Most people would associate blindness as an age-related complication, but in fact blindness frequently can be genetic, or caused by a genetic disease. One of these is the genetic disease retinitis pigmentosa (RP), which currently affects one in four thousand people worldwide.

RP is caused by genetic mutation that initiates a cascade of events which eventually lead to a breakdown of the retina. This mutation is often passed down from parent to child. The retina lines the back of the eye and is composed of photoreceptors that respond to what we see, by transmitting information to the brain. Thus, a loss of these receptors with retinal breakdown causes vision loss. 

At least 2.2 billion people worldwide have a visual impairment

This disease can be caused by mutation to over one hundred genes, with some causing a loss of vision quicker than others. Therefore, it seems that RP is a ticking time bomb, with early intervention required to slow its progression. In an attempt to battle this degeneration, a team at Wuhan University initiated an investigation, that has displayed promising evidence that we may be able to overcome RP by using genetic technologies. 

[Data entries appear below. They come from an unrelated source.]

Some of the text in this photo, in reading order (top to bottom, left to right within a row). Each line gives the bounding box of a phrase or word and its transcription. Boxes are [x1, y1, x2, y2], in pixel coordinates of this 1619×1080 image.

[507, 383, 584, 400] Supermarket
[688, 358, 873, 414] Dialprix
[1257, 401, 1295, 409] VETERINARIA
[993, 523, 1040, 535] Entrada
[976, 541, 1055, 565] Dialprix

This evidence showed that we could reverse RP’s effects in mice with a clever genetic tool – CRISPR technology. CRISPR works as an efficient pair of biologically-guided scissors that can remove any genetic sequence as desired. By removing mutated sequences, we can halt, and in some cases reverse, many diseases caused by genetic mutation.  

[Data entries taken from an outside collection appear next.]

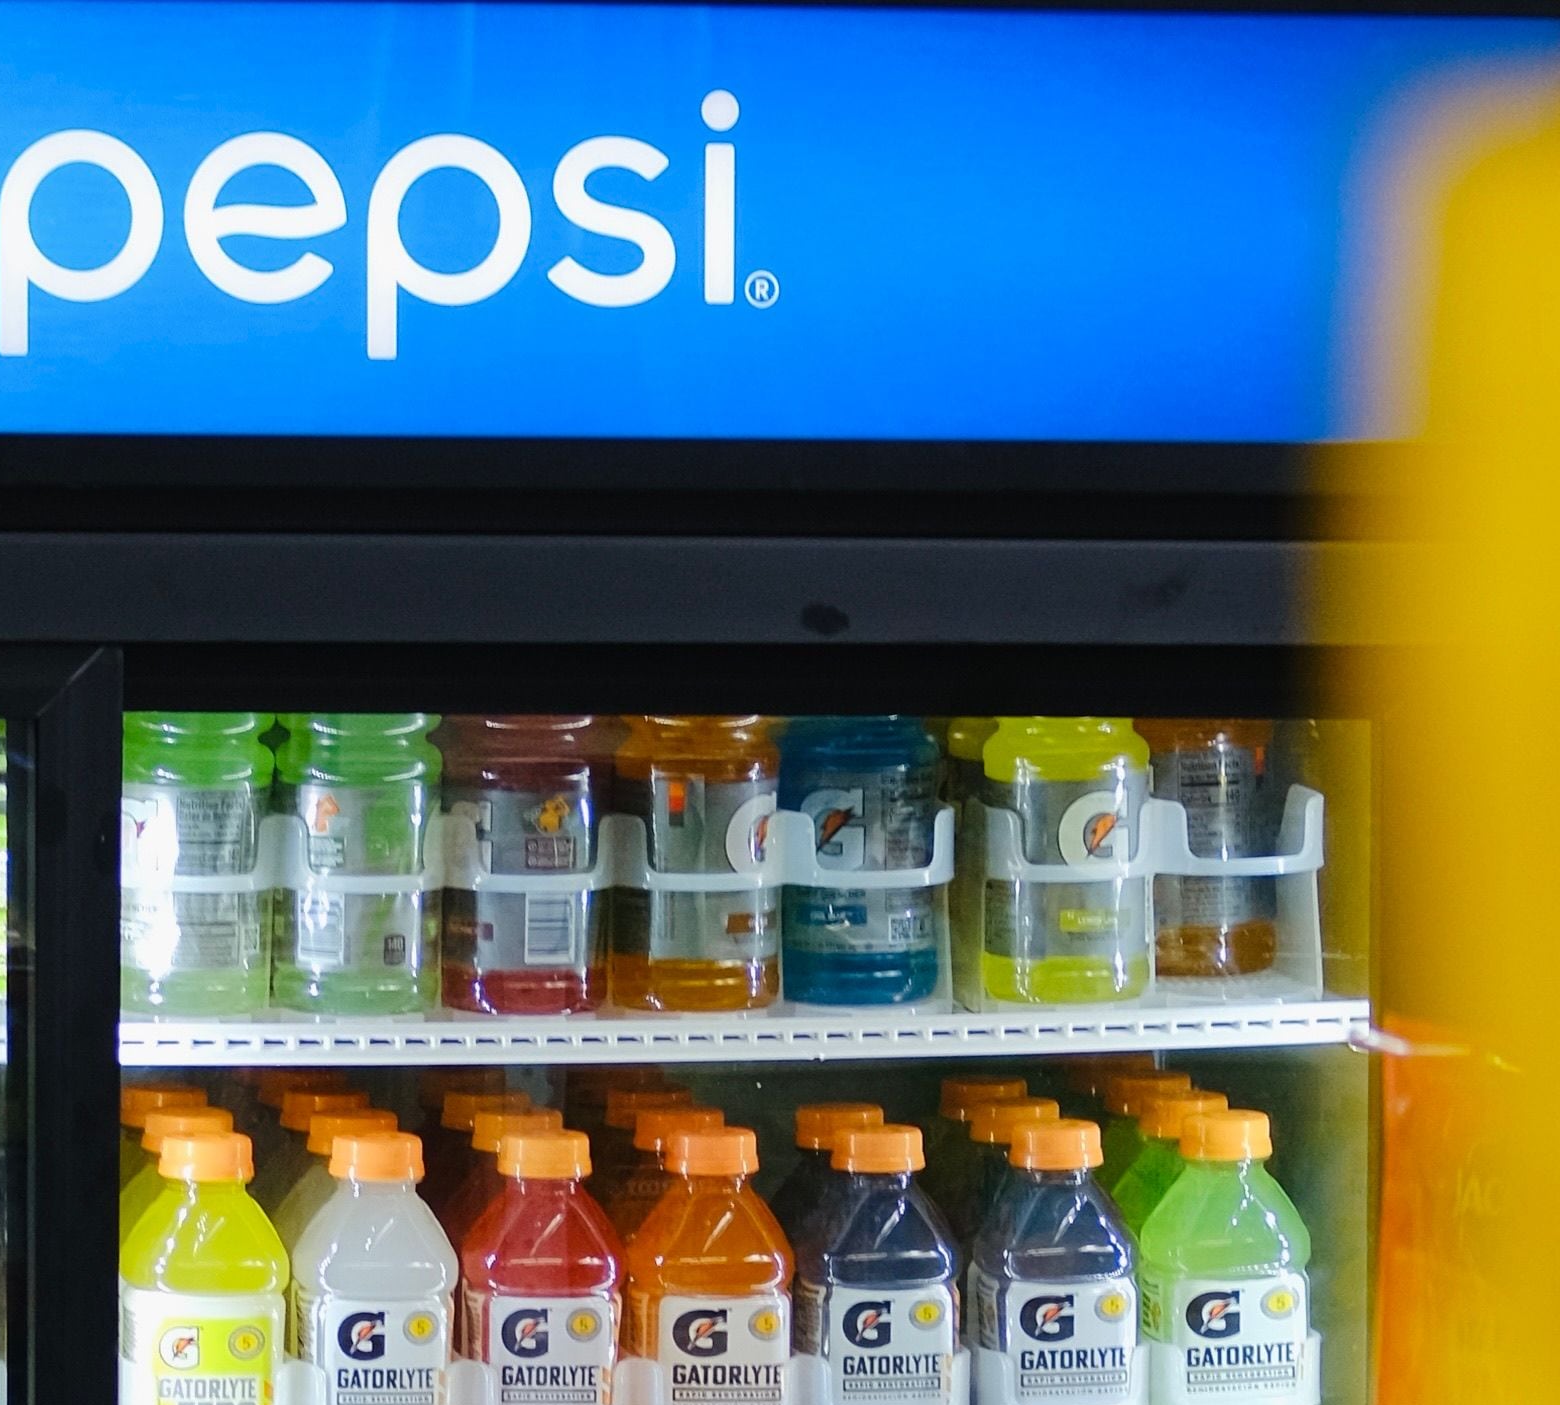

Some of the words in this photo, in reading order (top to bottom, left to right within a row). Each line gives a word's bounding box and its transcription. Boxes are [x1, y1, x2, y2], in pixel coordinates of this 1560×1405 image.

[842, 1301, 891, 1349] G
[1020, 1295, 1074, 1342] G
[1186, 1290, 1240, 1339] G
[159, 1326, 200, 1370] G
[337, 1311, 385, 1361] G
[501, 1308, 549, 1358] G
[673, 1309, 728, 1357] G
[843, 1355, 940, 1377] GATORLYTE
[1021, 1347, 1127, 1371] GATORLYTE
[1187, 1343, 1296, 1368] GATORLYTE
[158, 1377, 257, 1400] GATORLYTE
[337, 1368, 435, 1389] GATORLYTE
[502, 1365, 597, 1387] GATORLYTE
[673, 1364, 782, 1386] GATORLYTE

In the investigation in Wuhan, the gene for PDE6β was targeted with CRISPR. The PDE6β gene plays a key part in photoreceptor transmission, in the sense that when mutated it becomes a cause of RP. In murine models, using CRISPR to snip out mutated regions of PDE6β restored vision in blind mice. This worked as the removal of mutated regions restored the function of PDE6β, leading to a longer lifespan of photoreceptors, increased photoreceptor transmission, and therefore improved vision. 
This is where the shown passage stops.